Provided information:
═══

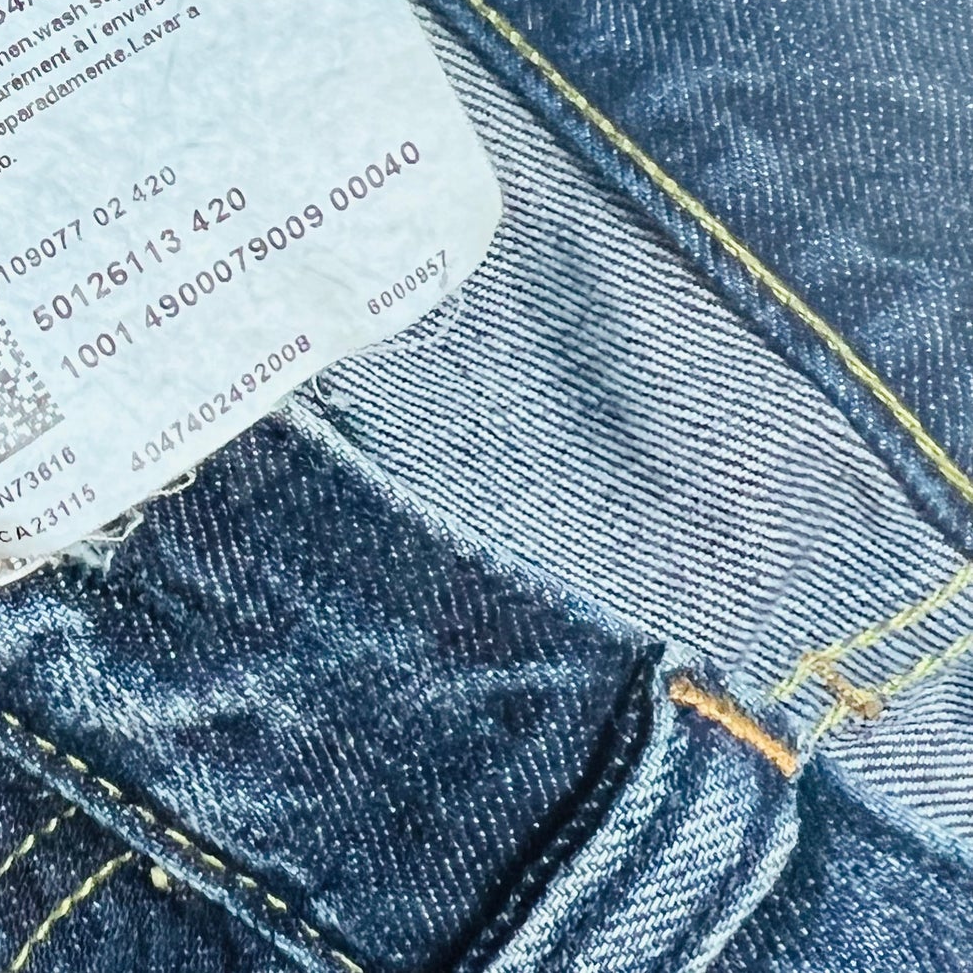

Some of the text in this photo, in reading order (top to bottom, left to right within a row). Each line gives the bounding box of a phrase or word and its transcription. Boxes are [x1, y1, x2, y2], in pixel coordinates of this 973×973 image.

[73, 34, 89, 54] à
[92, 196, 127, 226] 02
[132, 165, 177, 202] 420
[32, 186, 247, 331] 50126113 420
[61, 140, 421, 379] 1001 4900079009 00040
[367, 249, 448, 316] 6000957
[130, 334, 311, 473] 4047402492008

═══

Work to be completed:
The records above are to be restated exactly, without their pictures.

Answer for this exercise:
Some of the text in this photo, in reading order (top to bottom, left to right within a row). Each line gives the bounding box of a phrase or word and its transcription. Boxes are [x1, y1, x2, y2], in pixel coordinates of this 973×973 image.

[73, 34, 89, 54] à
[92, 196, 127, 226] 02
[132, 165, 177, 202] 420
[32, 186, 247, 331] 50126113 420
[61, 140, 421, 379] 1001 4900079009 00040
[367, 249, 448, 316] 6000957
[130, 334, 311, 473] 4047402492008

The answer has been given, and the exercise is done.